* _WORKING DATA_:
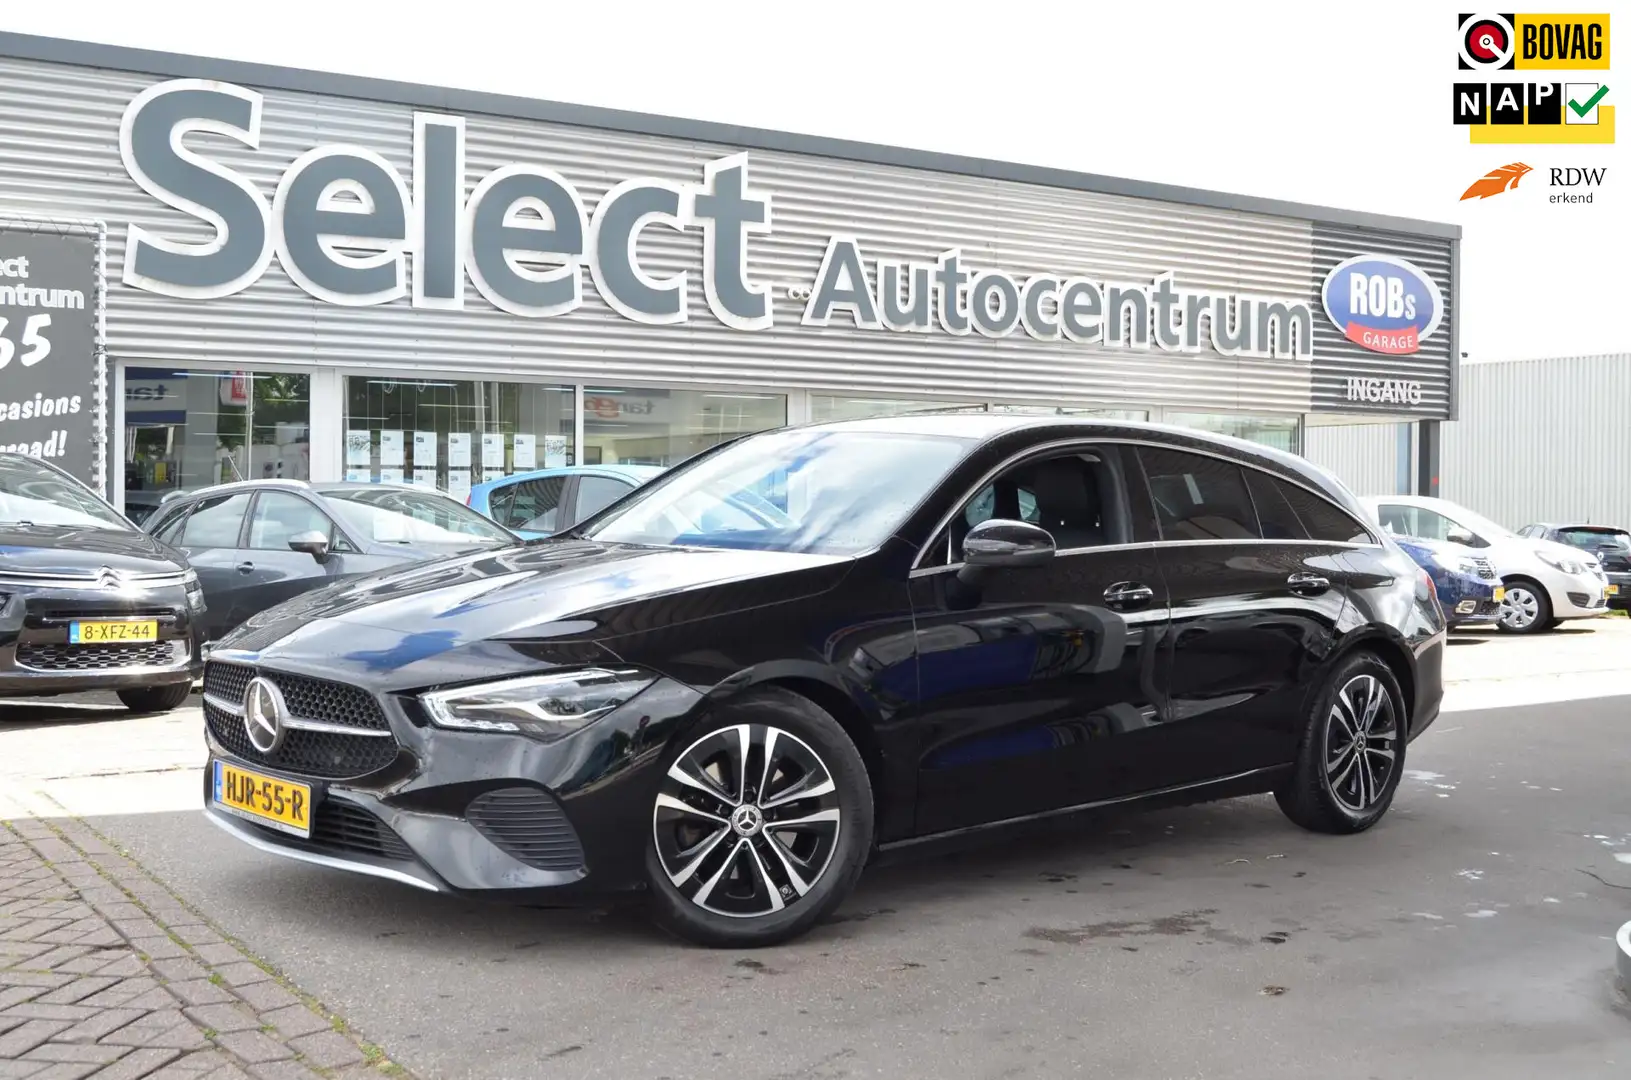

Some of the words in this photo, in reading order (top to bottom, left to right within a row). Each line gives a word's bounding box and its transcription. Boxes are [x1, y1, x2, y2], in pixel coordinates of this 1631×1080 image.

[119, 78, 773, 331] Select
[801, 233, 1314, 361] Autocentrum
[0, 256, 29, 278] ct
[1362, 331, 1415, 349] GARAGE
[1346, 376, 1422, 406] INGANG
[84, 624, 150, 640] 8-XFZ-44
[226, 770, 304, 822] HJR-55-R
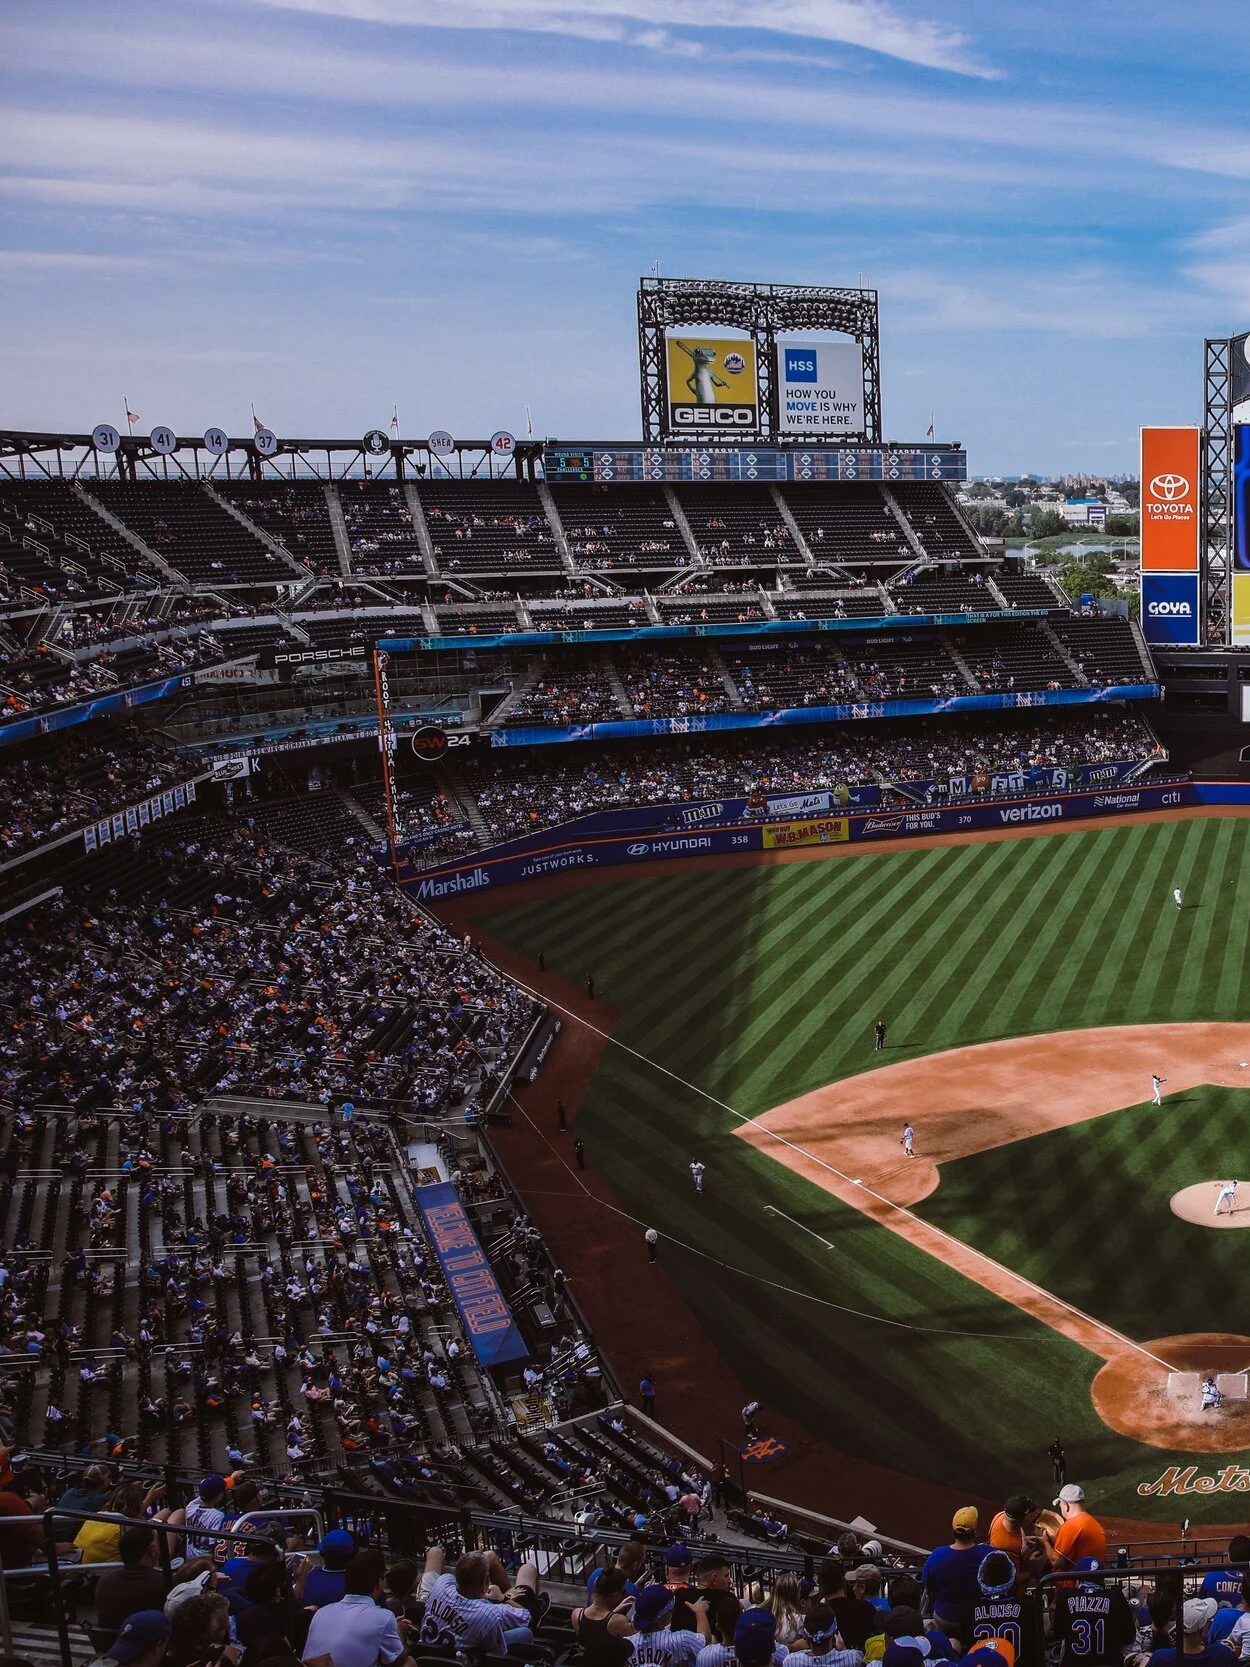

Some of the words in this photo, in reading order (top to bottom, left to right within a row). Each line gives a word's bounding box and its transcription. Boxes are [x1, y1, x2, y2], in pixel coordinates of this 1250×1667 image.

[788, 359, 814, 371] HSS
[786, 389, 812, 399] HOW
[814, 389, 836, 400] YOU
[786, 401, 817, 411] MOVE
[819, 402, 829, 411] IS
[832, 402, 857, 412] WHY
[674, 407, 752, 424] GEICO
[786, 414, 819, 424] WE'RE
[822, 415, 853, 425] HERE.
[99, 432, 114, 446] 31
[157, 433, 170, 447] 41
[210, 434, 222, 447] 14
[258, 435, 273, 449] 37
[431, 438, 451, 447] SHEA
[495, 437, 511, 449] 42
[559, 457, 566, 468] 5
[583, 457, 590, 468] 5
[1146, 503, 1194, 513] TOYOTA
[1148, 601, 1191, 614] GOYA
[275, 646, 366, 664] PORSCHE
[181, 676, 192, 687] 453
[447, 735, 471, 747] 24
[252, 758, 261, 773] K
[1103, 793, 1140, 805] National
[1161, 791, 1181, 804] citi
[773, 802, 787, 811] Let's
[787, 801, 798, 809] Go
[1000, 803, 1062, 822] verizon
[905, 814, 919, 822] THIS
[920, 811, 941, 821] BUD'S
[958, 815, 972, 824] 370
[434, 826, 450, 835] CASINO
[866, 819, 902, 831] Budweiser
[905, 821, 918, 830] FOR
[919, 820, 935, 829] YOU.
[652, 837, 712, 852] HYUNDAI
[731, 835, 749, 845] 358
[521, 853, 599, 877] JUSTWORKS.
[416, 868, 490, 899] Marshalls
[424, 1202, 477, 1253] WELCOME
[444, 1250, 485, 1271] TO
[452, 1269, 496, 1298] CITI
[460, 1293, 511, 1335] FIELD
[1067, 1595, 1111, 1614] PIAZZA
[420, 1599, 469, 1635] ALONSO
[974, 1603, 1021, 1621] ALONSO
[1072, 1618, 1105, 1656] 31

* _AIM OF THE TASK_: Transcribe the data verbatim. No picture belongs in the result.

* _RESULT OF THIS TASK_:
Some of the words in this photo, in reading order (top to bottom, left to right within a row). Each line gives a word's bounding box and its transcription. Boxes are [x1, y1, x2, y2], in pixel coordinates of this 1631×1080 image.

[119, 78, 773, 331] Select
[801, 233, 1314, 361] Autocentrum
[0, 256, 29, 278] ct
[1362, 331, 1415, 349] GARAGE
[1346, 376, 1422, 406] INGANG
[84, 624, 150, 640] 8-XFZ-44
[226, 770, 304, 822] HJR-55-R

Some of the words in this photo, in reading order (top to bottom, left to right within a row). Each line gives a word's bounding box and its transcription. Boxes are [x1, y1, x2, y2], in pixel coordinates of this 1250×1667 image.

[788, 359, 814, 371] HSS
[786, 389, 812, 399] HOW
[814, 389, 836, 400] YOU
[786, 401, 817, 411] MOVE
[819, 402, 829, 411] IS
[832, 402, 857, 412] WHY
[674, 407, 752, 424] GEICO
[786, 414, 819, 424] WE'RE
[822, 415, 853, 425] HERE.
[99, 432, 114, 446] 31
[157, 433, 170, 447] 41
[210, 434, 222, 447] 14
[258, 435, 273, 449] 37
[431, 438, 451, 447] SHEA
[495, 437, 511, 449] 42
[559, 457, 566, 468] 5
[583, 457, 590, 468] 5
[1146, 503, 1194, 513] TOYOTA
[1148, 601, 1191, 614] GOYA
[275, 646, 366, 664] PORSCHE
[181, 676, 192, 687] 453
[447, 735, 471, 747] 24
[252, 758, 261, 773] K
[1103, 793, 1140, 805] National
[1161, 791, 1181, 804] citi
[773, 802, 787, 811] Let's
[787, 801, 798, 809] Go
[1000, 803, 1062, 822] verizon
[905, 814, 919, 822] THIS
[920, 811, 941, 821] BUD'S
[958, 815, 972, 824] 370
[434, 826, 450, 835] CASINO
[866, 819, 902, 831] Budweiser
[905, 821, 918, 830] FOR
[919, 820, 935, 829] YOU.
[652, 837, 712, 852] HYUNDAI
[731, 835, 749, 845] 358
[521, 853, 599, 877] JUSTWORKS.
[416, 868, 490, 899] Marshalls
[424, 1202, 477, 1253] WELCOME
[444, 1250, 485, 1271] TO
[452, 1269, 496, 1298] CITI
[460, 1293, 511, 1335] FIELD
[1067, 1595, 1111, 1614] PIAZZA
[420, 1599, 469, 1635] ALONSO
[974, 1603, 1021, 1621] ALONSO
[1072, 1618, 1105, 1656] 31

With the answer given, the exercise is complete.